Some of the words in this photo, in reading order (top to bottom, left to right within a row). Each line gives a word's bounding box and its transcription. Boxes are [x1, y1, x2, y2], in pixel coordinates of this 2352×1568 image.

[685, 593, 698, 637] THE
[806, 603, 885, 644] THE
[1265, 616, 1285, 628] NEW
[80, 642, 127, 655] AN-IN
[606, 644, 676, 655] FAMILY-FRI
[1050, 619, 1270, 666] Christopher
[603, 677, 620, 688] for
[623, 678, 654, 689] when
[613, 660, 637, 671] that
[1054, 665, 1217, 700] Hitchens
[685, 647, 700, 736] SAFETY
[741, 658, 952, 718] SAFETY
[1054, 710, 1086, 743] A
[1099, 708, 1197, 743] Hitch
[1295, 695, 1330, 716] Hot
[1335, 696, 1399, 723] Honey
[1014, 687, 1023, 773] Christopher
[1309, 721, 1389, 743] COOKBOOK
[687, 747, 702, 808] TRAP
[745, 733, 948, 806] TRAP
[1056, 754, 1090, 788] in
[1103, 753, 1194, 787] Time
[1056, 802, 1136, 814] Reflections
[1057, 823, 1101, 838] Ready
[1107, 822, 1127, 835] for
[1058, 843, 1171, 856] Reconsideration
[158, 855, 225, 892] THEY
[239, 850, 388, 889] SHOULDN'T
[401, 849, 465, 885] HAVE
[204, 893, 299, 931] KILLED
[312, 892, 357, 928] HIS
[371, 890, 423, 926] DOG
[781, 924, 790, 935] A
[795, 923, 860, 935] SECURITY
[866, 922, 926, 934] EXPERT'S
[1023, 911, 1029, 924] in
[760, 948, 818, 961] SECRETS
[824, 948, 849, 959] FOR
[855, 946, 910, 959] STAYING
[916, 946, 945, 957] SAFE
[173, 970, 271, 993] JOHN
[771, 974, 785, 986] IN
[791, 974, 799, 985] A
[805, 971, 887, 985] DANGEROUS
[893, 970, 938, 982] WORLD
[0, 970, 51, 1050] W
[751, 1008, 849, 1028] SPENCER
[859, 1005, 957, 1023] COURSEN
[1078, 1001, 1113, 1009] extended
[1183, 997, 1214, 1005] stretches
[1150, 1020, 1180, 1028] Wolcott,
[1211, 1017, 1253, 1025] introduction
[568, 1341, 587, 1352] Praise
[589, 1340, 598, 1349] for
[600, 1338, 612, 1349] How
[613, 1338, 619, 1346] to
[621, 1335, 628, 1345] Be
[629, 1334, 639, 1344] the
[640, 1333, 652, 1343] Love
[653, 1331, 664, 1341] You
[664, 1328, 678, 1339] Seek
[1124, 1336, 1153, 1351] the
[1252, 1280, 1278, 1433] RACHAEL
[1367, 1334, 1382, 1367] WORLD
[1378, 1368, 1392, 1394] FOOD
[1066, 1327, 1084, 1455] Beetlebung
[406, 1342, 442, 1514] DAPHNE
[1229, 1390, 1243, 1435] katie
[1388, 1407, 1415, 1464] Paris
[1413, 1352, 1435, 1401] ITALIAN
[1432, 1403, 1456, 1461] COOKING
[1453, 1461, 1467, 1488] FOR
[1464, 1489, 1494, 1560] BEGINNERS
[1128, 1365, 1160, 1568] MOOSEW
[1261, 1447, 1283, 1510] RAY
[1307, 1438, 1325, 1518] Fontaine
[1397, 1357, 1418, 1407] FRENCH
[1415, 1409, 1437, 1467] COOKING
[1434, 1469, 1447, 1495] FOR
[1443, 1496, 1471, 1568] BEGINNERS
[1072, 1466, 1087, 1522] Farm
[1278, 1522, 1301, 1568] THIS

----

_TASK PROMPT_.
Retype the data exactly as it reads.

_RESULT FOR THIS EXERCISE_.
Some of the words in this photo, in reading order (top to bottom, left to right within a row). Each line gives a word's bounding box and its transcription. Boxes are [x1, y1, x2, y2], in pixel coordinates of this 2352×1568 image.

[685, 593, 698, 637] THE
[806, 603, 885, 644] THE
[1265, 616, 1285, 628] NEW
[80, 642, 127, 655] AN-IN
[606, 644, 676, 655] FAMILY-FRI
[1050, 619, 1270, 666] Christopher
[603, 677, 620, 688] for
[623, 678, 654, 689] when
[613, 660, 637, 671] that
[1054, 665, 1217, 700] Hitchens
[685, 647, 700, 736] SAFETY
[741, 658, 952, 718] SAFETY
[1054, 710, 1086, 743] A
[1099, 708, 1197, 743] Hitch
[1295, 695, 1330, 716] Hot
[1335, 696, 1399, 723] Honey
[1014, 687, 1023, 773] Christopher
[1309, 721, 1389, 743] COOKBOOK
[687, 747, 702, 808] TRAP
[745, 733, 948, 806] TRAP
[1056, 754, 1090, 788] in
[1103, 753, 1194, 787] Time
[1056, 802, 1136, 814] Reflections
[1057, 823, 1101, 838] Ready
[1107, 822, 1127, 835] for
[1058, 843, 1171, 856] Reconsideration
[158, 855, 225, 892] THEY
[239, 850, 388, 889] SHOULDN'T
[401, 849, 465, 885] HAVE
[204, 893, 299, 931] KILLED
[312, 892, 357, 928] HIS
[371, 890, 423, 926] DOG
[781, 924, 790, 935] A
[795, 923, 860, 935] SECURITY
[866, 922, 926, 934] EXPERT'S
[1023, 911, 1029, 924] in
[760, 948, 818, 961] SECRETS
[824, 948, 849, 959] FOR
[855, 946, 910, 959] STAYING
[916, 946, 945, 957] SAFE
[173, 970, 271, 993] JOHN
[771, 974, 785, 986] IN
[791, 974, 799, 985] A
[805, 971, 887, 985] DANGEROUS
[893, 970, 938, 982] WORLD
[0, 970, 51, 1050] W
[751, 1008, 849, 1028] SPENCER
[859, 1005, 957, 1023] COURSEN
[1078, 1001, 1113, 1009] extended
[1183, 997, 1214, 1005] stretches
[1150, 1020, 1180, 1028] Wolcott,
[1211, 1017, 1253, 1025] introduction
[568, 1341, 587, 1352] Praise
[589, 1340, 598, 1349] for
[600, 1338, 612, 1349] How
[613, 1338, 619, 1346] to
[621, 1335, 628, 1345] Be
[629, 1334, 639, 1344] the
[640, 1333, 652, 1343] Love
[653, 1331, 664, 1341] You
[664, 1328, 678, 1339] Seek
[1124, 1336, 1153, 1351] the
[1252, 1280, 1278, 1433] RACHAEL
[1367, 1334, 1382, 1367] WORLD
[1378, 1368, 1392, 1394] FOOD
[1066, 1327, 1084, 1455] Beetlebung
[406, 1342, 442, 1514] DAPHNE
[1229, 1390, 1243, 1435] katie
[1388, 1407, 1415, 1464] Paris
[1413, 1352, 1435, 1401] ITALIAN
[1432, 1403, 1456, 1461] COOKING
[1453, 1461, 1467, 1488] FOR
[1464, 1489, 1494, 1560] BEGINNERS
[1128, 1365, 1160, 1568] MOOSEW
[1261, 1447, 1283, 1510] RAY
[1307, 1438, 1325, 1518] Fontaine
[1397, 1357, 1418, 1407] FRENCH
[1415, 1409, 1437, 1467] COOKING
[1434, 1469, 1447, 1495] FOR
[1443, 1496, 1471, 1568] BEGINNERS
[1072, 1466, 1087, 1522] Farm
[1278, 1522, 1301, 1568] THIS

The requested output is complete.